Abstract
The first decades of the 20th century were marked by a general epistemological crisis spanning across both the humanities and the natural sciences. Henry Stuart Hughes tried to pin down these developments in his groundbreaking Consciousness and Society: The Reorientation of European Social Thought, 1890–1930 (1959) by identifying two principal strands of discourse as the main causes of an erosion of confidence in the feasibility of genuine scientific knowledge. Unsurprisingly, he characterized on the one hand the quantum revolution in physics with its subsequent aporias for scientific observation and the dissolution of the last remnants of a naive and robust relationship between subject, perception and reality by experimental physiology and psychoanalysis on the other hand to be crucial factors in these processes. While Hughes does track those arguments’ diffusion in the fledgling social sciences magisterially, his reductionist trickle-down model of the relations between natural science and the humanities in general cannot be upheld anymore. Its implicit assumptions of anachronistic disciplinary boundaries simply do not materialize in the extant historical records. Furthermore, some vital debates especially in the realm of contemporary life sciences are ominously absent in his book.

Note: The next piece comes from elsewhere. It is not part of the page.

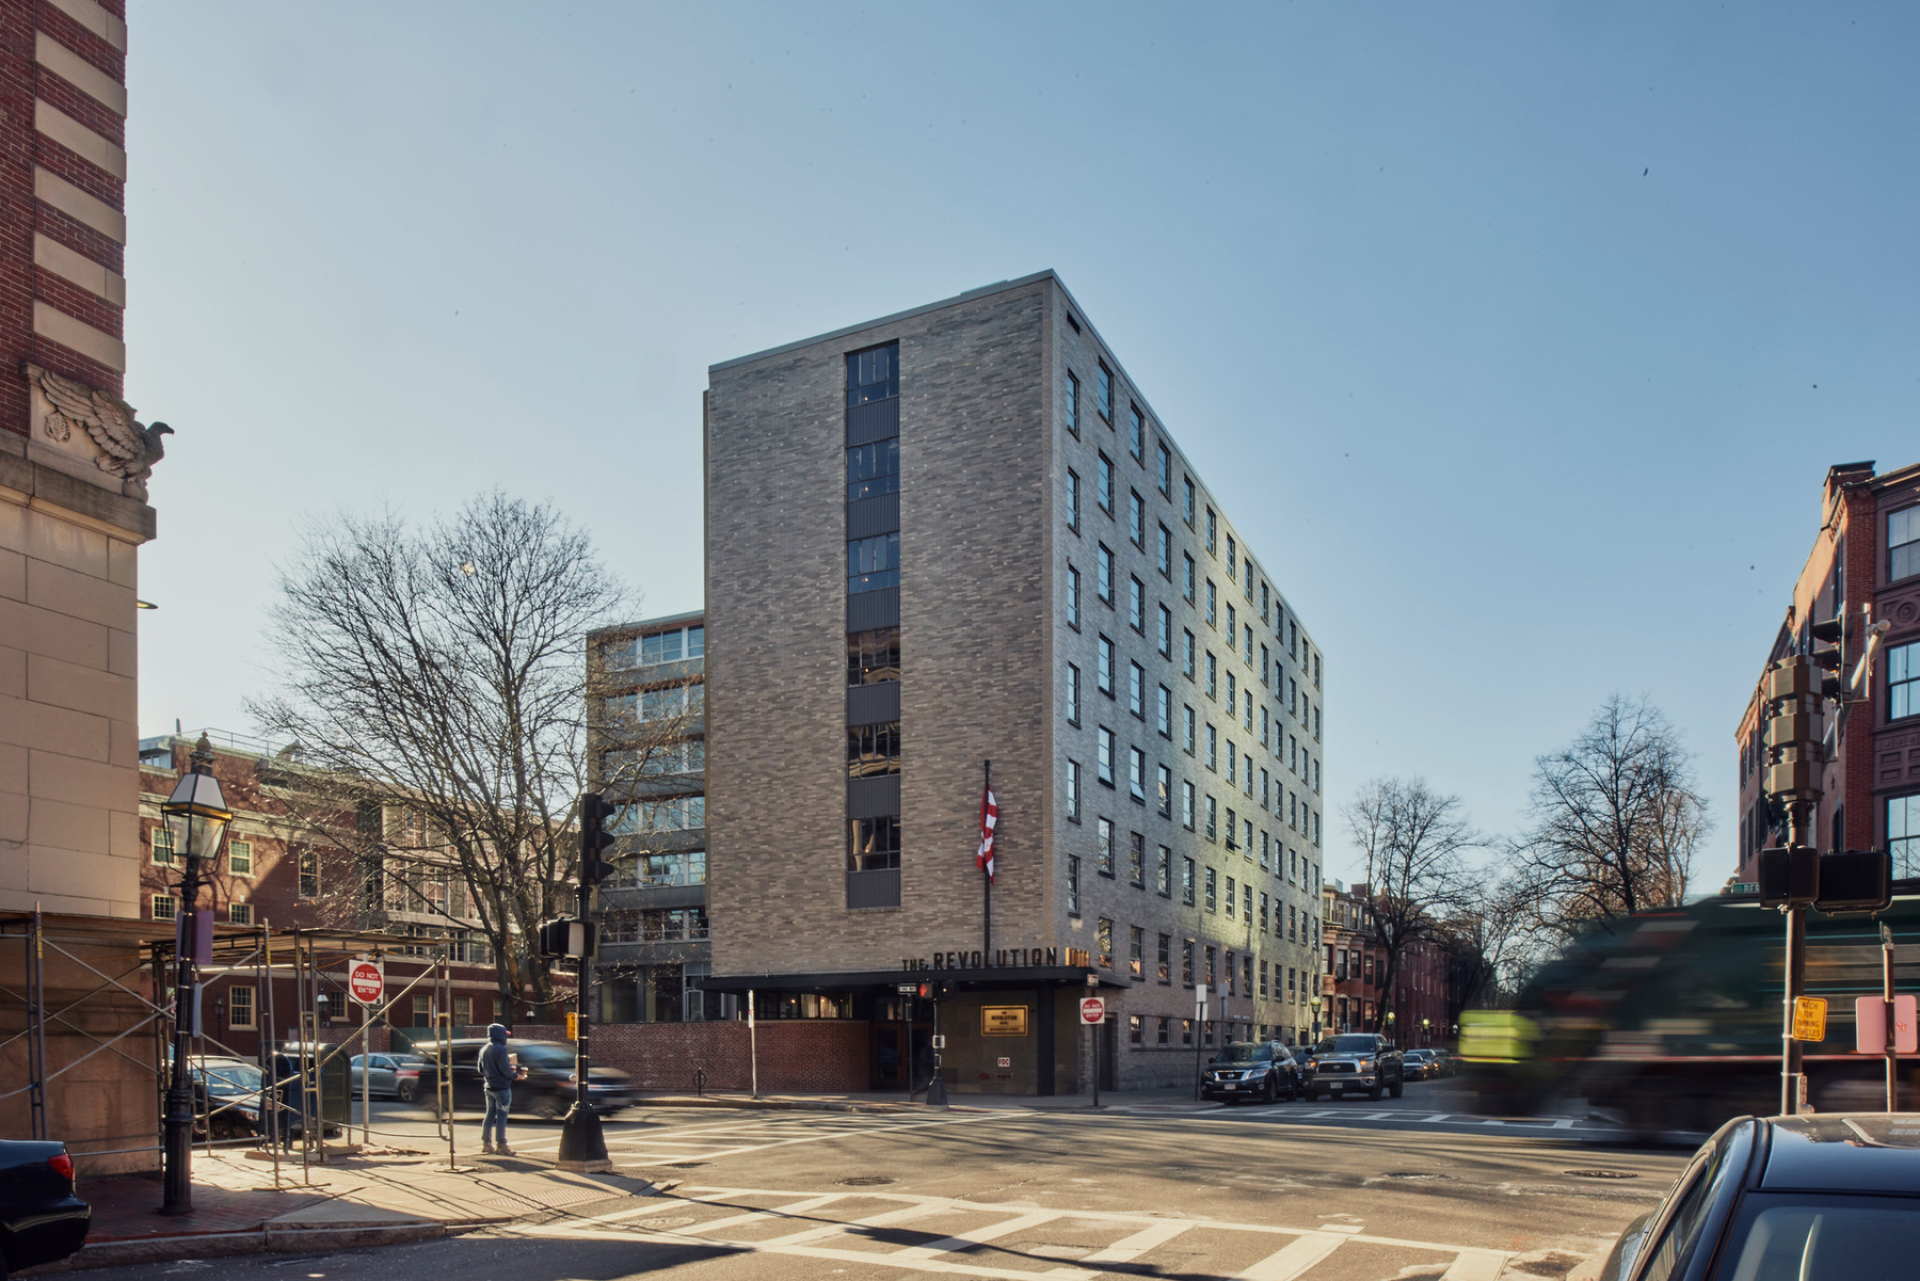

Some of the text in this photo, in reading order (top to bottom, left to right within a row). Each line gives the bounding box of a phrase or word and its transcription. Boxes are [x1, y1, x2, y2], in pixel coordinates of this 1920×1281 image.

[902, 959, 925, 971] THE
[933, 947, 1058, 970] REVOLUTION
[366, 972, 379, 980] NOT
[357, 987, 377, 995] ENTER

Taking my cues from these methodological and empirical lacunae I will tentatively try to remedy these problems. First of all, many biologists around 1900 seem to perceive a growing gap between abounding empirical results and a lack of theoretical integration and generalization. Hans Driesch, Julius Schaxel, Jakob von Uexküll and Ludwig von Bertalanffy, to name only a few, discussed in their own idiosyncratic ways fundamental epistemological questions regarding the status and specificity of biological findings and methods, the role and authority of the scientist vis-à-vis experimental systems and society at large. These debates always implied and, in the end, reworked the order of disciplines and things. Those all-embracing dimensions also guaranteed rather impressive attention both from expert philosophical circles and the general public.

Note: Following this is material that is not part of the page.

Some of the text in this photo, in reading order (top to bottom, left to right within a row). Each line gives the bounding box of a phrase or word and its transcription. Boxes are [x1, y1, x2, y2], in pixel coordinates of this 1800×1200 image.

Sensitized by the principles of Garfinkel’s programme of ethnomethodology that stress the reflective capacities and wide-ranging agency of human actors, one cannot ignore the essential fact of the lability and agonistic character of disciplinary boundaries in most of the source material from the early 20th century. By taking serious the often painstaking and arduous considerations of the scientists in their writings, it is possible to gain a better and historically more adequate understanding of many positions that are currently being canonized, i.e. mainly treated in a very selective and instrumental manner as founding fathers of some of our present disciplines – in the natural sciences as well as the humanities.

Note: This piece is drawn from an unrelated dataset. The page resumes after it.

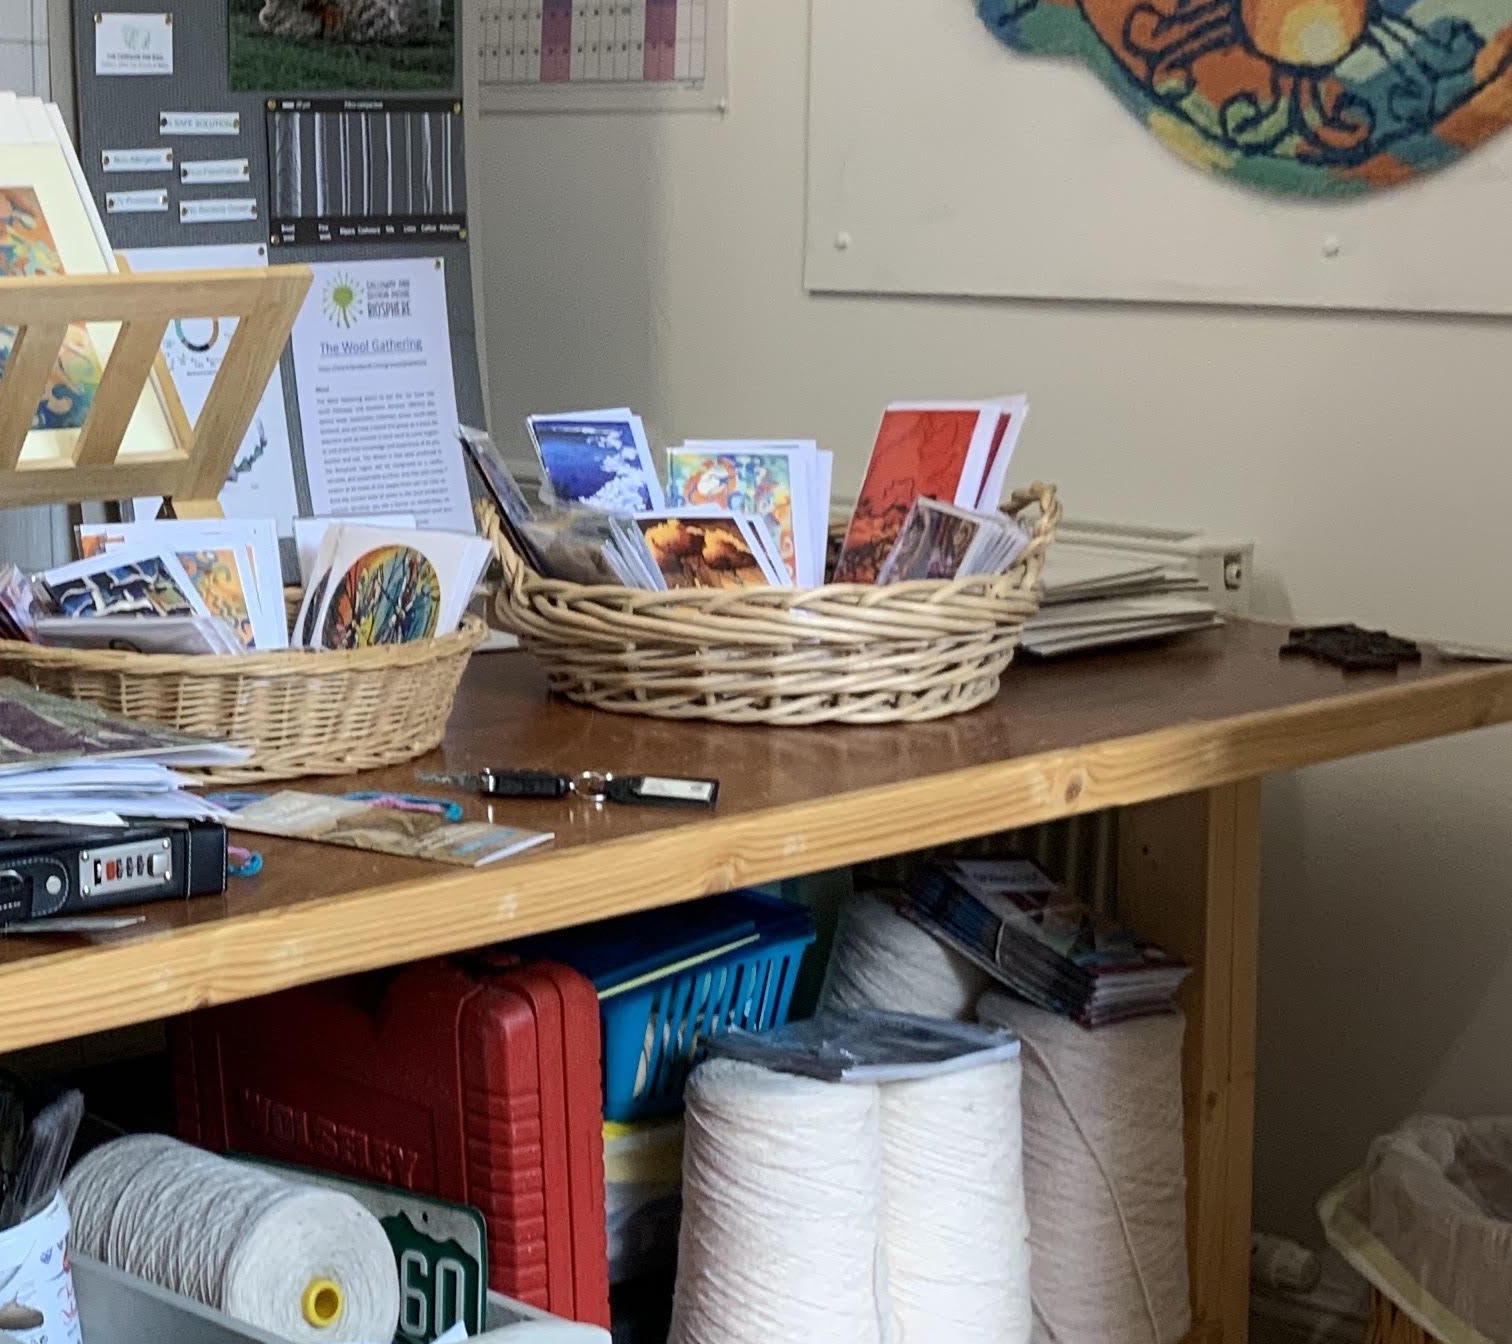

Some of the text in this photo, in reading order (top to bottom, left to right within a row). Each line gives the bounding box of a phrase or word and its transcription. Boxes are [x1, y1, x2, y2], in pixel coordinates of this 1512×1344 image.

[320, 337, 423, 355] The Wool Gathering
[399, 1248, 466, 1339] 60

Biologists and early sociologists thirdly and finally share basal assumptions about the historicity of life. Neither animals nor humans live in a quasi-timeless broad present. Instead, they shape and are being shaped by their individual, societal and species-specific past. It is particularly the telling of stories and the visual modelling of history’s deep rhythms that enables them to come to terms with a boundless past and explain their own times. Last but not least, most of these forays do not reveal the lethal crisis of the idea of progress that has been diagnosed by leading intellectual historians in Germany during the last few years, but rather show the resilience of argumentative strategies that rely strongly on forms of an unbroken progressive historicization of their respective epistemic objects.